Problem description. The whole listing is to be restated word for word with no images.

*** Stored data

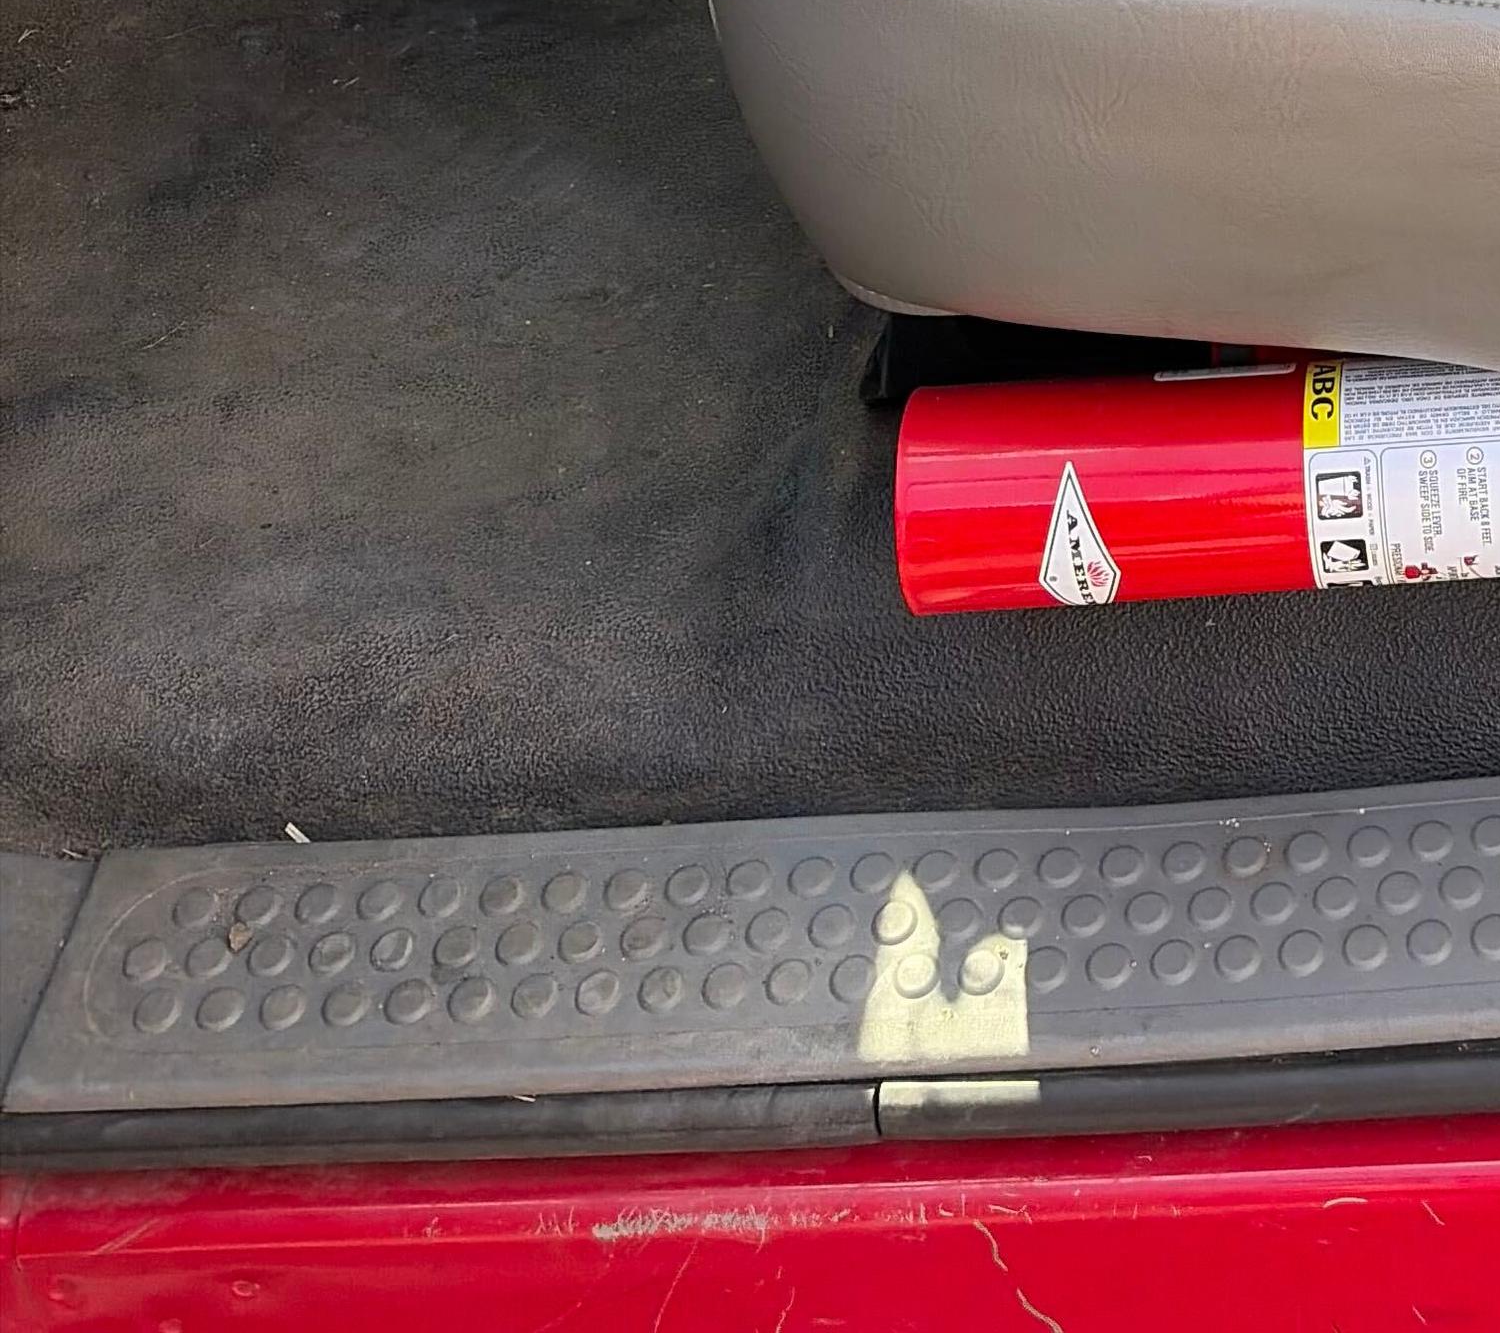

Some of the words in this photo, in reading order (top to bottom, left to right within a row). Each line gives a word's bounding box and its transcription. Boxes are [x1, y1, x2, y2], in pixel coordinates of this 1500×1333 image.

[1311, 364, 1337, 421] ABC
[1418, 470, 1429, 502] SWEEP
[1456, 468, 1466, 482] OF
[1467, 467, 1477, 486] AIM
[1477, 467, 1489, 495] START
[1428, 470, 1440, 509] SQUEEZE
[1469, 487, 1478, 497] AT
[1420, 503, 1431, 523] SIDE
[1469, 497, 1480, 521] BASE
[1480, 496, 1490, 521] BACK
[1422, 523, 1432, 535] TO
[1066, 509, 1097, 604] AMERE

******

Result for this task.
Some of the words in this photo, in reading order (top to bottom, left to right within a row). Each line gives a word's bounding box and its transcription. Boxes are [x1, y1, x2, y2], in pixel coordinates of this 1500×1333 image.

[1311, 364, 1337, 421] ABC
[1418, 470, 1429, 502] SWEEP
[1456, 468, 1466, 482] OF
[1467, 467, 1477, 486] AIM
[1477, 467, 1489, 495] START
[1428, 470, 1440, 509] SQUEEZE
[1469, 487, 1478, 497] AT
[1420, 503, 1431, 523] SIDE
[1469, 497, 1480, 521] BASE
[1480, 496, 1490, 521] BACK
[1422, 523, 1432, 535] TO
[1066, 509, 1097, 604] AMERE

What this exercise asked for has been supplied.